In a cogroup transform, for example. RDD1.cogroup (RDD2, ...), I assumed that Spark only moves / moves RDD2 and keeps the RDD1 partition and storage in memory if:
- RDD1 has an explicit delimiter
- RDD1 is cached.
In my other projects, most of the shuffling seems to be consistent with this assumption. So yesterday I wrote a short scala program to prove it once and for all:
// sc is the SparkContext val rdd1 = sc.parallelize(1 to 10, 4).map(v => v->v) .partitionBy(new HashPartitioner(4)) rdd1.persist().count() val rdd2 = sc.parallelize(1 to 10, 4).map(v => (11-v)->v) val cogrouped = rdd1.cogroup(rdd2).map { v => v._2._1.head -> v._2._2.head } val zipped = cogrouped.zipPartitions(rdd1, rdd2) { (itr1, itr2, itr3) => itr1.zipAll(itr2.map(_._2), 0->0, 0).zipAll(itr3.map(_._2), (0->0)->0, 0) .map { v => (v._1._1._1, v._1._1._2, v._1._2, v._2) } } zipped.collect().foreach(println)

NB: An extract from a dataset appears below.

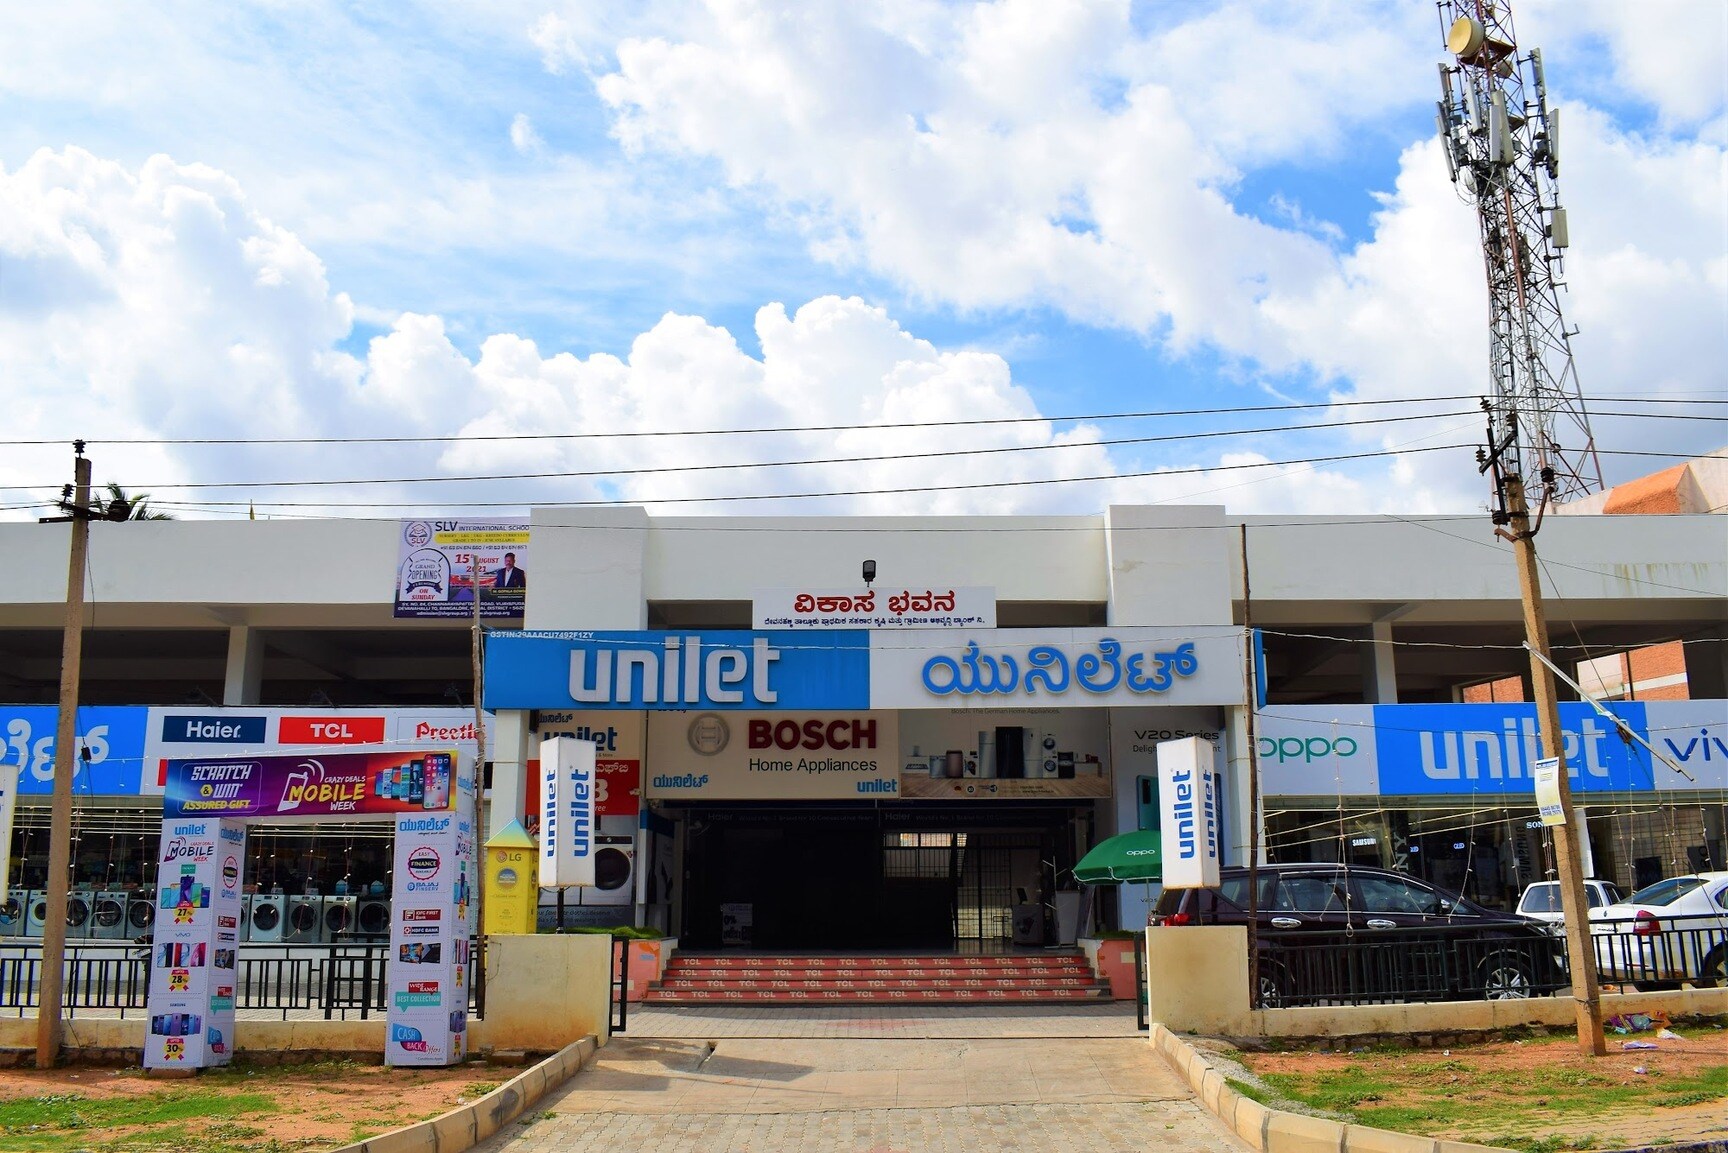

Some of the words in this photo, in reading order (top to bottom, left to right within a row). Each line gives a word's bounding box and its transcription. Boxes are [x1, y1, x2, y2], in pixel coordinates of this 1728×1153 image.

If rdd1 does not move, the first zipped column should have the same value as the third column, so I ran oops programs:
(4,7,4,1) (8,3,8,2) (1,10,1,3) (9,2,5,4) (5,6,9,5) (6,5,2,6) (10,1,6,7) (2,9,10,0) (3,8,3,8) (7,4,7,9) (0,0,0,10)
The assumption is incorrect. Spark probably did some internal optimization and decided that regenerating rdd1 partitions was much faster than storing them in the cache.
So the question is: if my software requirement not to move RDD1 (and store it in the cache) is due to other reasons than speed (for example, resource localization), or in some cases Spark internal optimization is not preferable, is there any way to instruct explicitly Does the framework not move an operand in all operations like cogroup? It also includes pool, outer join, and group c.
Thank you very much for your help. As long as I use the broadcast connection as a not-so-scalable workaround, it won't last long before my cluster crashes. I expect a solution consistent with the principles of distributed computing.